Museum in Alexandria, Egypt

The Alexandria Museum of Fine Arts is a museum for Egyptian and Middle-Eastern fine art in Alexandria, Egypt. Located in the Moharam Bek neighborhood, it houses a collection of works by Egyptian artist and a selection of works from Baroque, Romanticism, Rococo and Orientalism.

In addition, noteworthy examples of carving, printing and sculpture from Egyptian and European artists. The museum aims to promote art to the local community and to a greater extent Egyptian society, through a selection of activities: art workshops, exhibitions and museum education for children; exhibitions for noted Egyptian artists and international cultural exchange activities.

==History==
The museum was established in 1904 when Alexandria Municipal Authorities received a collection of paintings as a gift from Edward Farid Heim. The collection consisted of 210 pieces by international artists. Heim stipulated the establishment of a dedicated building for presenting these artworks; he would have otherwise taken them back to his homeland Germany. In 1936, French trader, Baron de Menasha, donated a villa in Alexandria's Moharram Bek area to be used as a library and a gallery for the exhibition of artworks. The building was destroyed in the Second World War and the municipality had to store the artworks in another location until another museum had been established.
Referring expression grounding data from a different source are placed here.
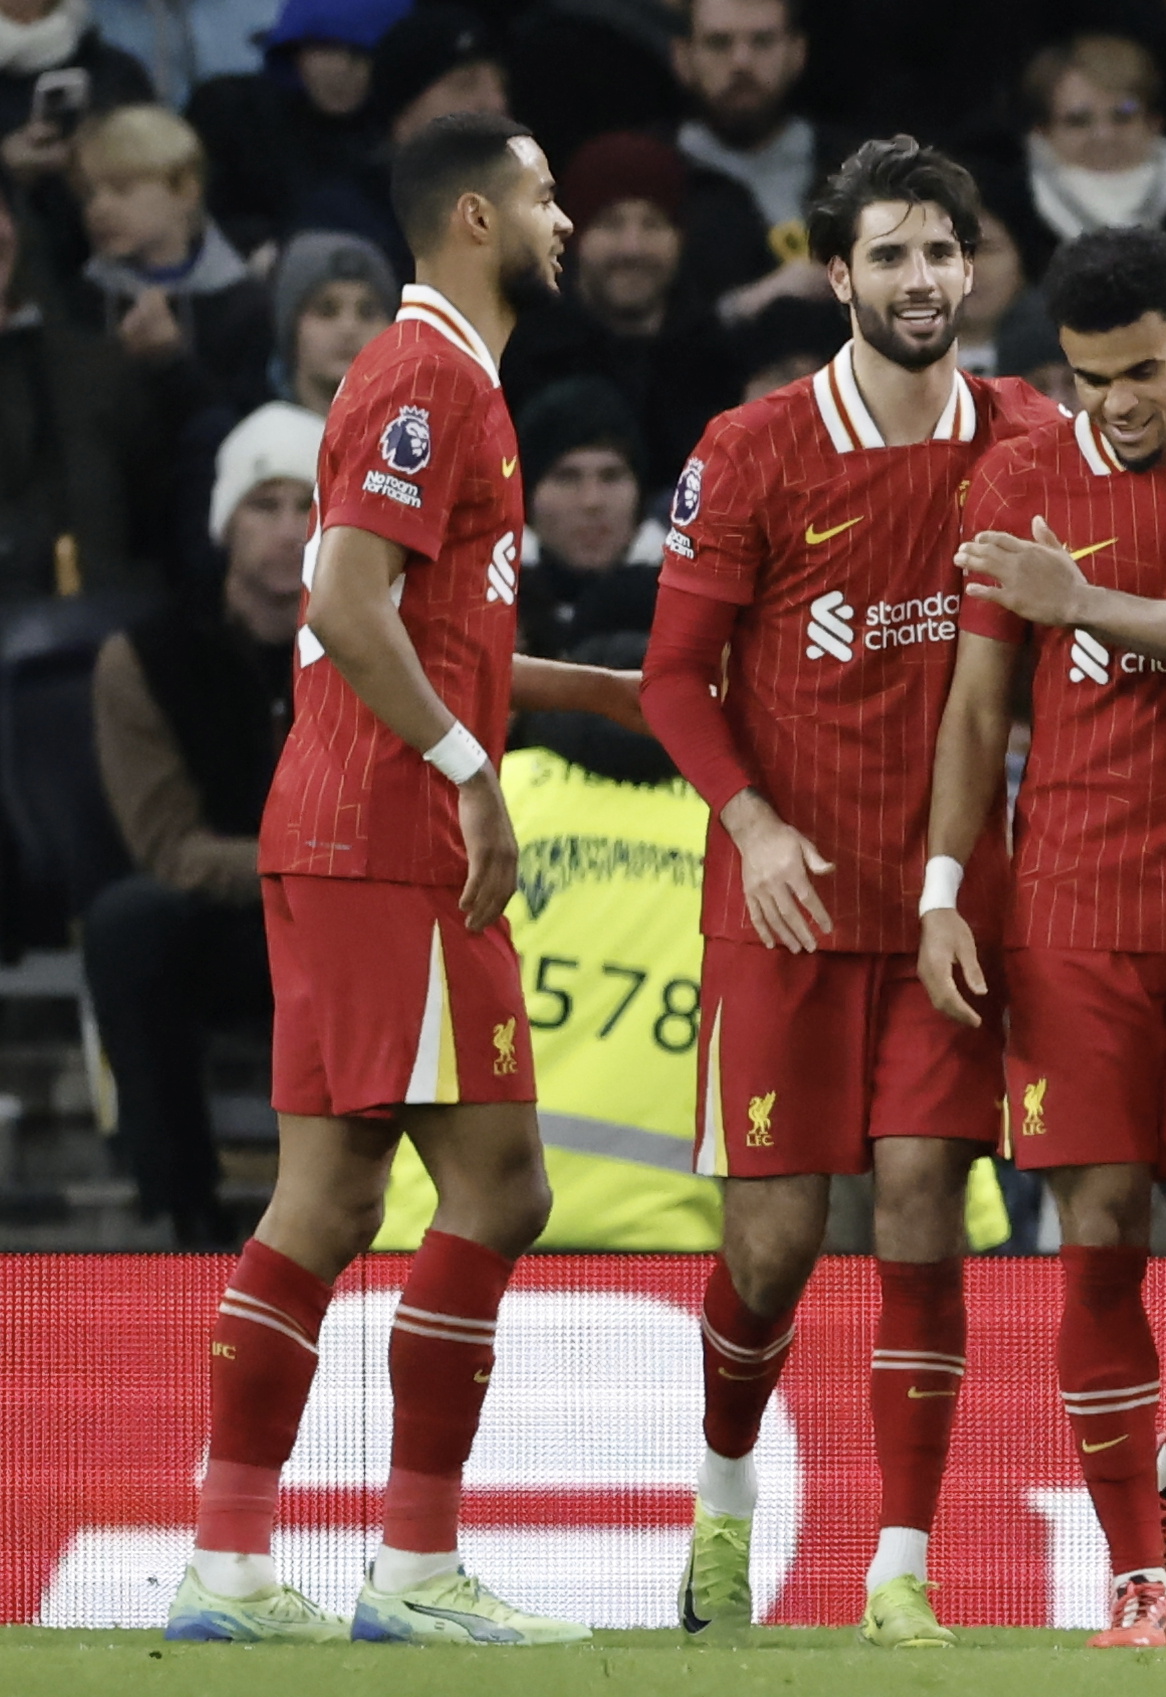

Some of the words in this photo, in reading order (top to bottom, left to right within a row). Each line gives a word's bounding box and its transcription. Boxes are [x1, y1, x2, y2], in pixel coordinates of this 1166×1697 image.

[866, 591, 960, 626] standa
[865, 618, 956, 650] charte
[528, 955, 699, 1053] 578
[746, 1133, 775, 1147] LFC
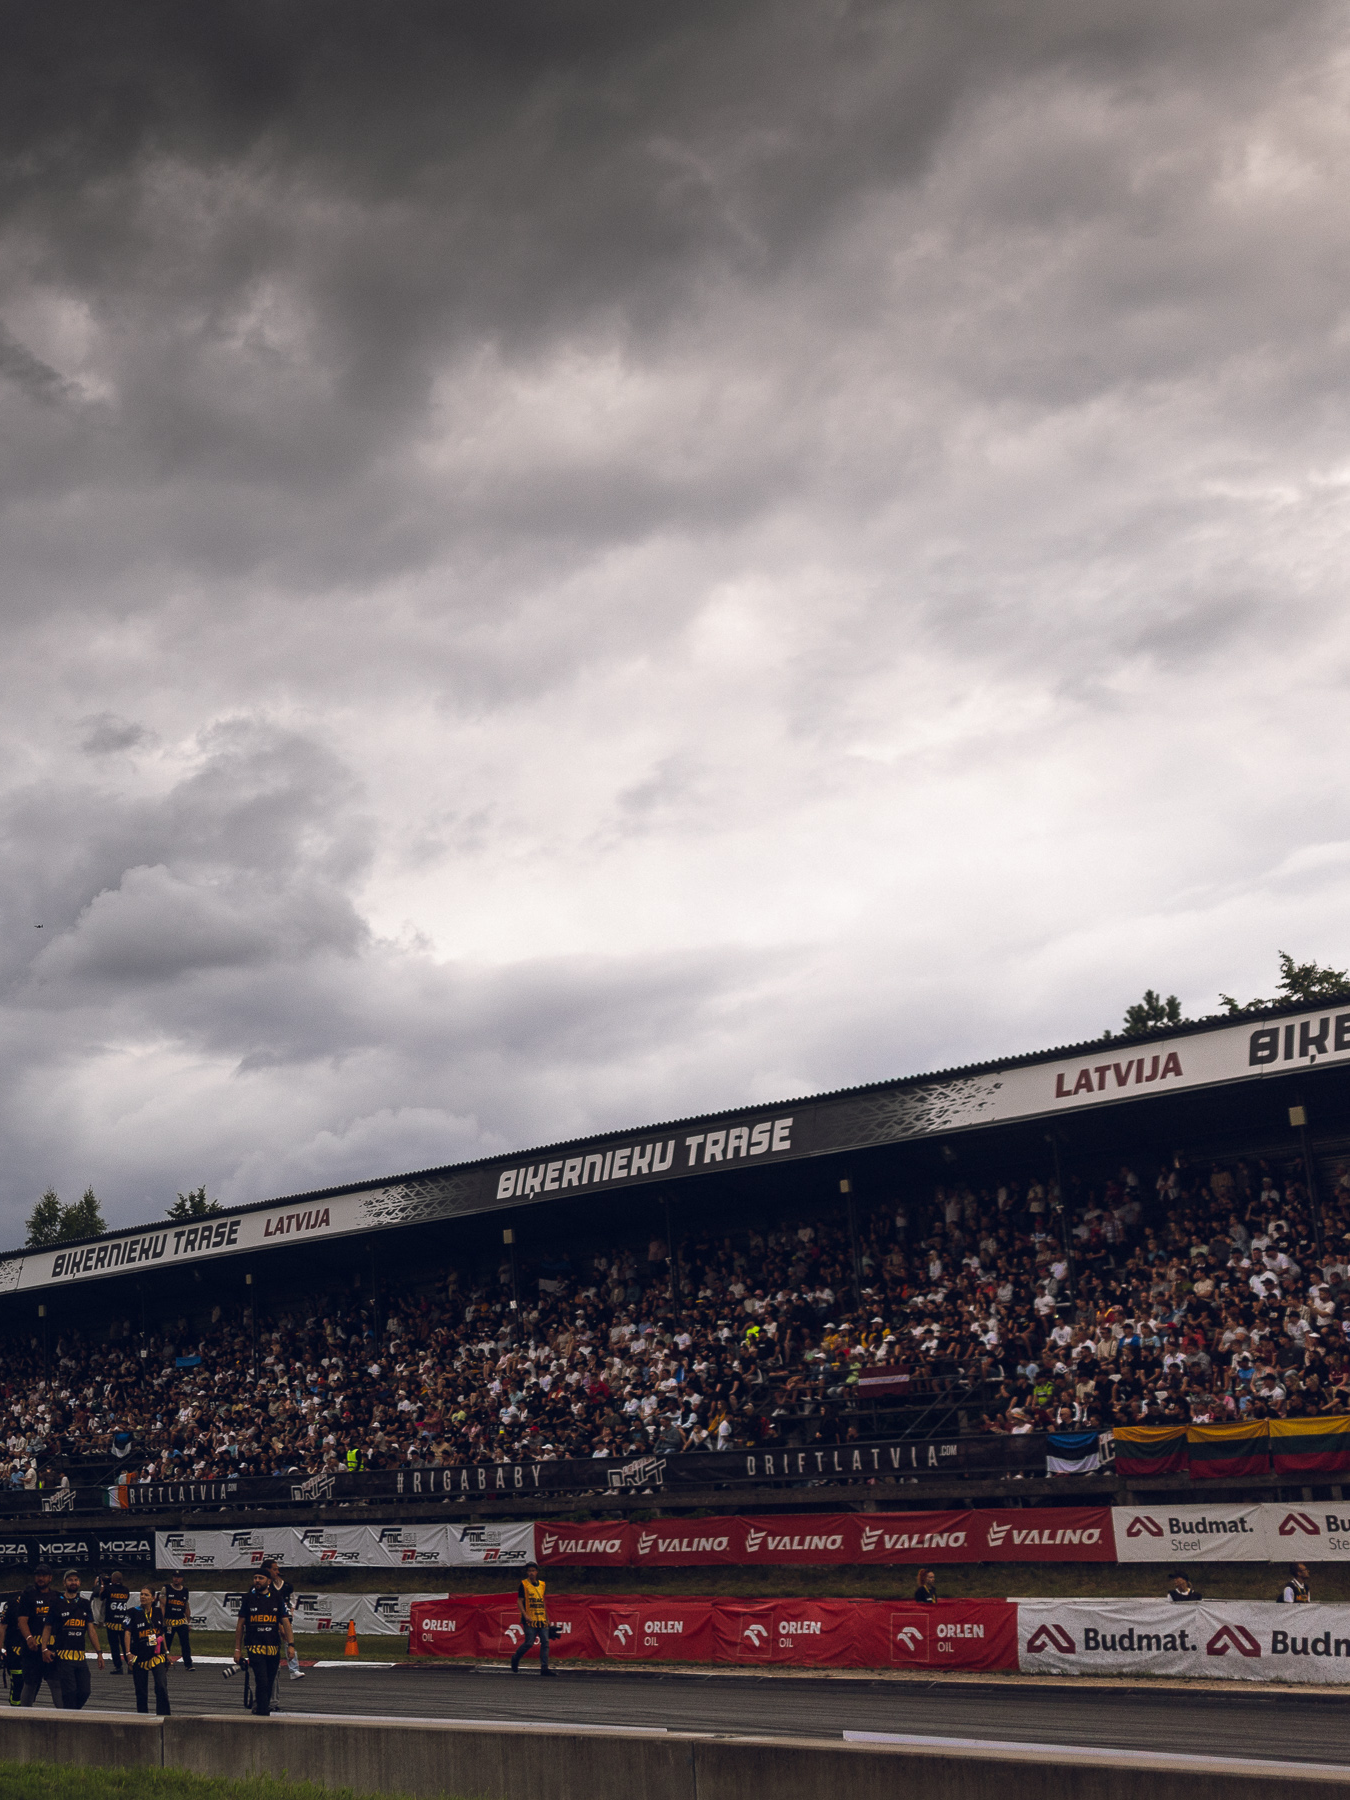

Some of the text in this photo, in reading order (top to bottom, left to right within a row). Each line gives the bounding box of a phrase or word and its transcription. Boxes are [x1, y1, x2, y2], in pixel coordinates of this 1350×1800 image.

[1055, 1052, 1183, 1099] LATVIJA
[496, 1117, 794, 1200] BIĶERNIEKU TRASE
[264, 1208, 331, 1238] LATVIJA
[51, 1219, 241, 1279] BIĶERNIEKU TRASE
[397, 1465, 541, 1493] #RIGABABY
[1168, 1516, 1253, 1535] Budmat.
[767, 1534, 844, 1550] VALINO
[884, 1531, 967, 1548] VALINO
[1012, 1529, 1102, 1544] VALINO
[39, 1542, 89, 1552] MOZA
[100, 1541, 150, 1551] MOZA
[558, 1539, 622, 1553] VALINO
[657, 1536, 730, 1552] VALINO
[1171, 1539, 1202, 1551] Steel
[422, 1619, 455, 1632] ORLEN
[644, 1621, 683, 1634] ORLEN
[779, 1621, 821, 1634] ORLEN
[937, 1624, 984, 1638] ORLEN
[422, 1633, 434, 1642] OIL
[644, 1636, 659, 1646] OIL
[779, 1638, 793, 1648] OIL
[1084, 1627, 1197, 1651] Budmat.
[937, 1642, 954, 1652] OIL
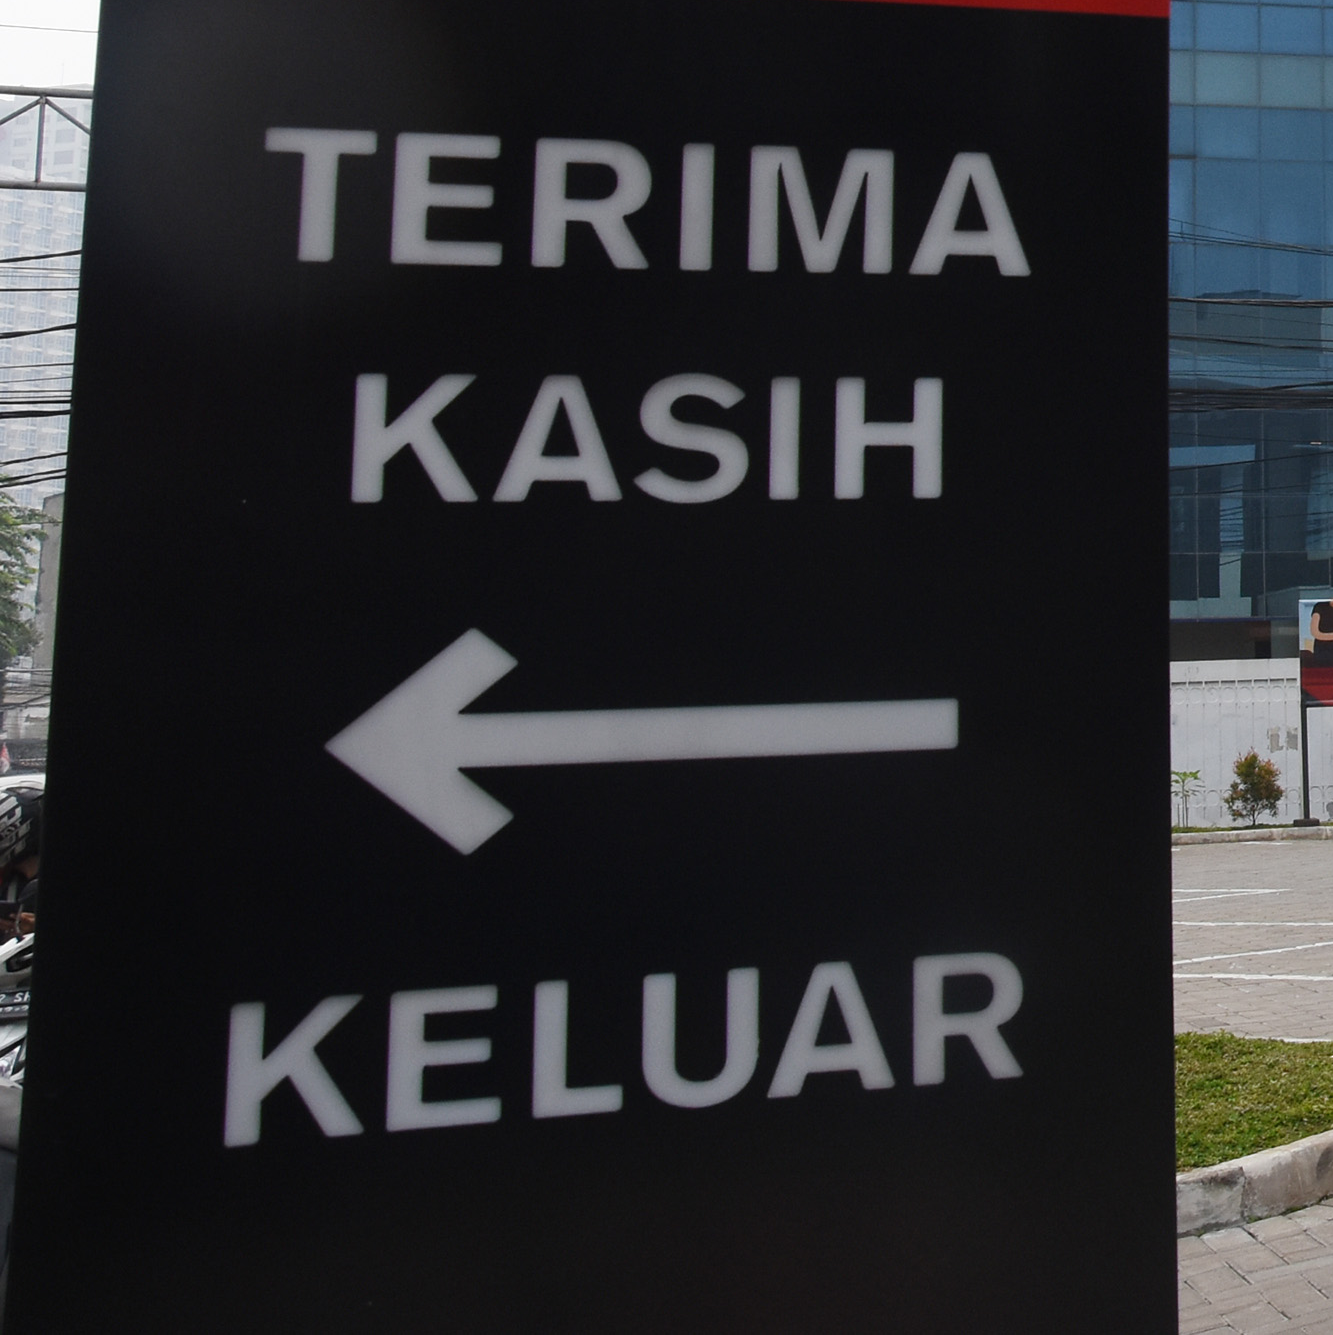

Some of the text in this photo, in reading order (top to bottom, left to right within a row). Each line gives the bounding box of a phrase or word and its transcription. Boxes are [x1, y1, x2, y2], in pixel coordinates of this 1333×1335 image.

[265, 128, 1031, 276] TERIMA
[350, 373, 943, 503] KASIH
[223, 952, 1025, 1147] KELUAR
In 1952, Egyptian architect Foad Abd Elmageed was assigned by the general manager of Alexandria's municipality Hussein Sobhy to design the Museum of Fine Arts. It was built in a modernist style and included several gallery spaces, an art library, and a cultural centre used for concerts and seminars. In 1954, the Revolutionary Command Council opened the museum, choosing a date that coincided with the second celebration of July Revolution. On July 26, 1955, the Egyptian president Gamal Abd El-Nasser opened the initial session of the Mediterranean Countries Biennale. Founded by the general manager of Alexandria municipality Hussein Sobhy, it is the second oldest Biennale worldwide that has been held in the museum till date.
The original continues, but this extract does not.